Ping: [PATCH] rs6000: Fix wrong code generation for vec_sel [PR94613]

Xionghu Luo luoxhu@linux.ibm.com
Wed Jun 30 01:42:49 GMT 2021


Gentle ping, thanks.

https://gcc.gnu.org/pipermail/gcc-patches/2021-May/570333.html


On 2021/5/14 14:57, Xionghu Luo via Gcc-patches wrote:
> Hi,
> 
> On 2021/5/13 18:49, Segher Boessenkool wrote:
>> Hi!
>>
>> On Fri, Apr 30, 2021 at 01:32:58AM -0500, Xionghu Luo wrote:
>>> The vsel instruction is a bit-wise select instruction.  Using an
>>> IF_THEN_ELSE to express it in RTL is wrong and leads to wrong code
>>> being generated in the combine pass.  Per element selection is a
>>> subset of per bit-wise selection,with the patch the pattern is
>>> written using bit operations.  But there are 8 different patterns
>>> to define "op0 := (op1 & ~op3) | (op2 & op3)":
>>>
>>> (~op3&op1) | (op3&op2),
>>> (~op3&op1) | (op2&op3),
>>> (op3&op2) | (~op3&op1),
>>> (op2&op3) | (~op3&op1),
>>> (op1&~op3) | (op3&op2),
>>> (op1&~op3) | (op2&op3),
>>> (op3&op2) | (op1&~op3),
>>> (op2&op3) | (op1&~op3),
>>>
>>> Combine pass will swap (op1&~op3) to (~op3&op1) due to commutative
>>> canonical, which could reduce it to the FIRST 4 patterns, but it won't
>>> swap (op2&op3) | (~op3&op1) to (~op3&op1) | (op2&op3), so this patch
>>> handles it with two patterns with different NOT op3 position and check
>>> equality inside it.
>>
>> Yup, that latter case does not have canonicalisation rules.  Btw, not
>> only combine does this canonicalisation: everything should,
>> non-canonical RTL is invalid RTL (in the instruction stream, you can do
>> everything in temporary code of course, as long as the RTL isn't
>> malformed).
>>
>>> -(define_insn "*altivec_vsel<mode>"
>>> +(define_insn "altivec_vsel<mode>"
>>>     [(set (match_operand:VM 0 "altivec_register_operand" "=v")
>>> -    (if_then_else:VM
>>> -     (ne:CC (match_operand:VM 1 "altivec_register_operand" "v")

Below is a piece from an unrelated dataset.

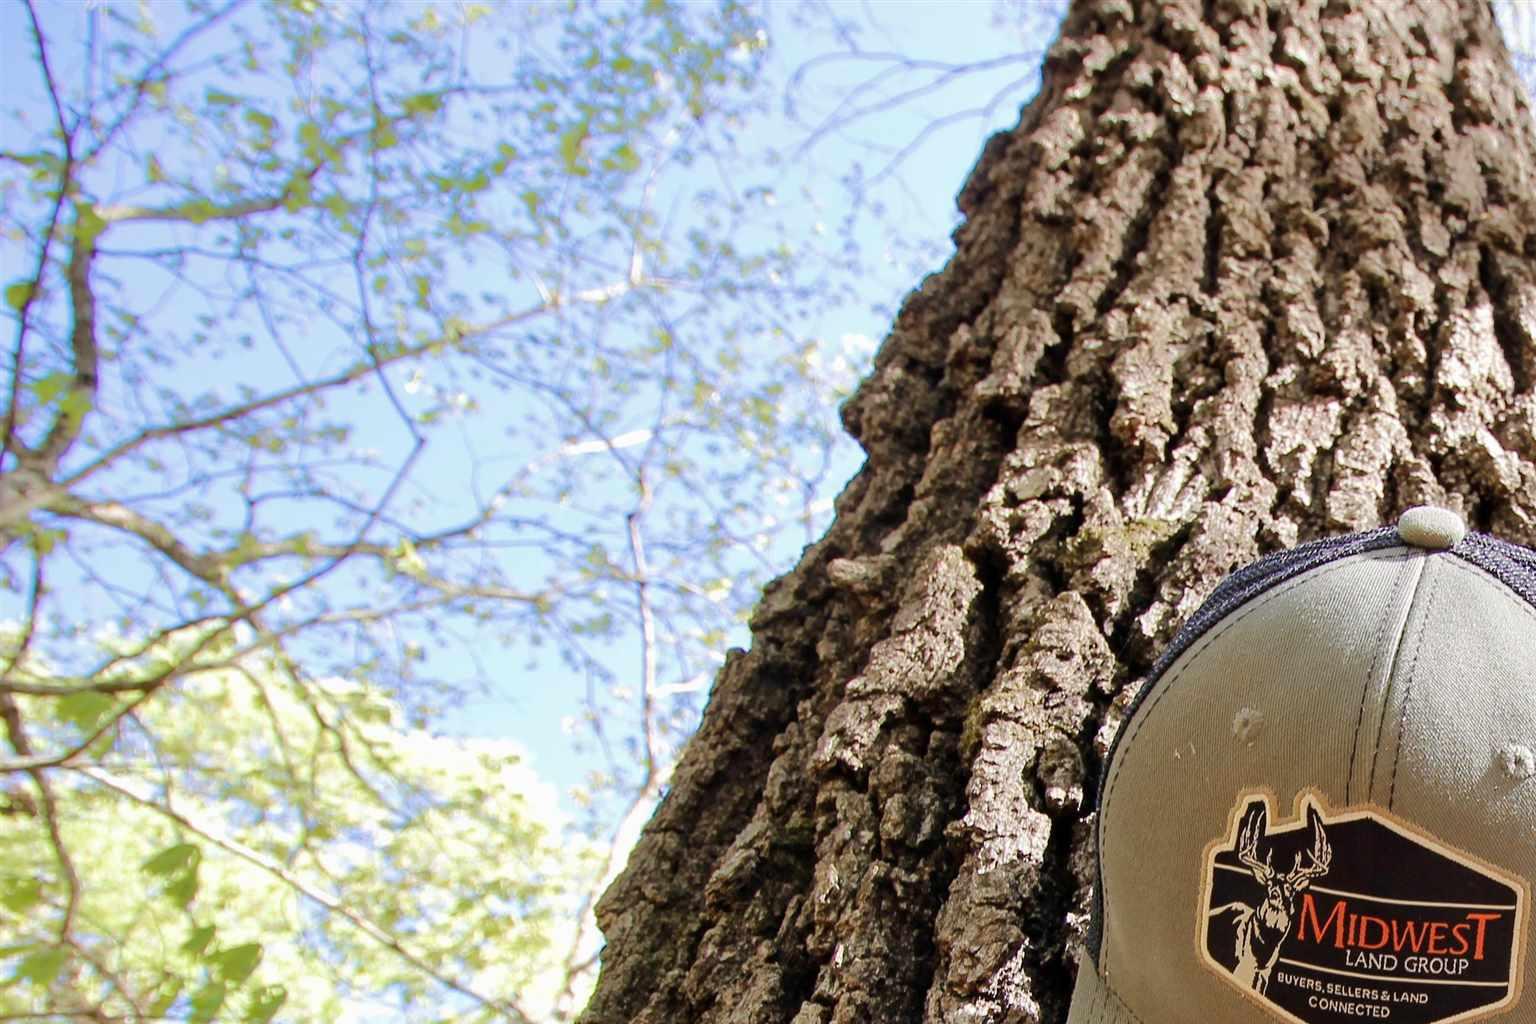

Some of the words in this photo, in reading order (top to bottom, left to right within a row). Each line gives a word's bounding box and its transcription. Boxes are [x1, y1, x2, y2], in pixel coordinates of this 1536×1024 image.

>>> -        (match_operand:VM 4 "zero_constant" ""))
>>> -     (match_operand:VM 2 "altivec_register_operand" "v")
>>> -     (match_operand:VM 3 "altivec_register_operand" "v")))]

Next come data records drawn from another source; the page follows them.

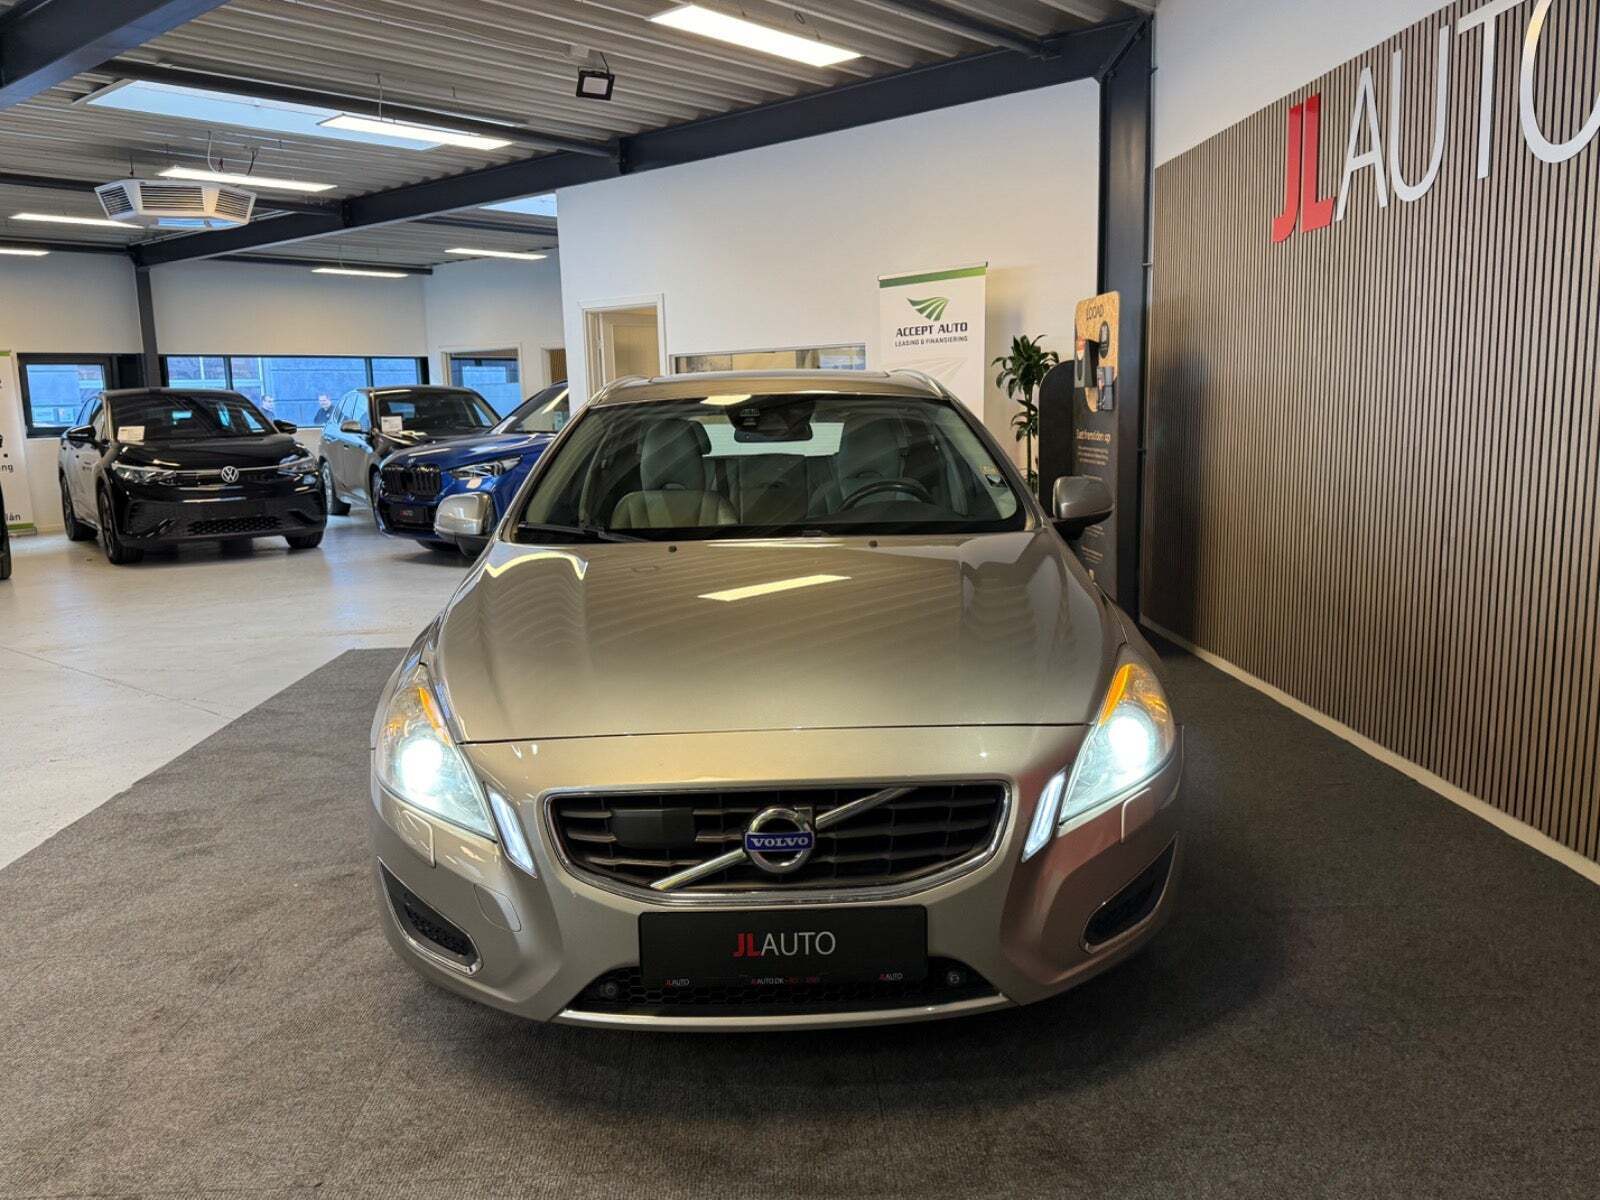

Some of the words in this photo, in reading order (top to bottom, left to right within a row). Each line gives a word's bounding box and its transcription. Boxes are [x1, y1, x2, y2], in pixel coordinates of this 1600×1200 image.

[896, 324, 935, 337] ACCEPT
[938, 322, 968, 334] AUTO
[895, 339, 920, 347] LEASING
[750, 837, 809, 848] VOLVO
[733, 931, 836, 957] JLAUTO

>>> -  "VECTOR_MEM_ALTIVEC_P (<MODE>mode)"
>>> -  "vsel %0,%3,%2,%1"
>>> +    (ior:VM
>>> +     (and:VM
>>> +      (not:VM (match_operand:VM 3 "altivec_register_operand" "v"))

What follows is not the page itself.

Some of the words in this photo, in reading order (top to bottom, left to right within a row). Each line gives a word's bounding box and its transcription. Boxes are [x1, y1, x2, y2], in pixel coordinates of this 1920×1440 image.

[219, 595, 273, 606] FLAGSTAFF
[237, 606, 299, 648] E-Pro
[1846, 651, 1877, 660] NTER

>>> +      (match_operand:VM 1 "altivec_register_operand" "v"))
>>> +     (and:VM
>>> +      (match_operand:VM 2 "altivec_register_operand" "v")
>>> +      (match_operand:VM 4 "altivec_register_operand" "v"))))]
>>> +  "VECTOR_UNIT_ALTIVEC_OR_VSX_P (<MODE>mode)
>>> +  && (rtx_equal_p (operands[2], operands[3])
>>> +  || rtx_equal_p (operands[4], operands[3]))"
>>> +  {
>>> +    if (rtx_equal_p (operands[2], operands[3]))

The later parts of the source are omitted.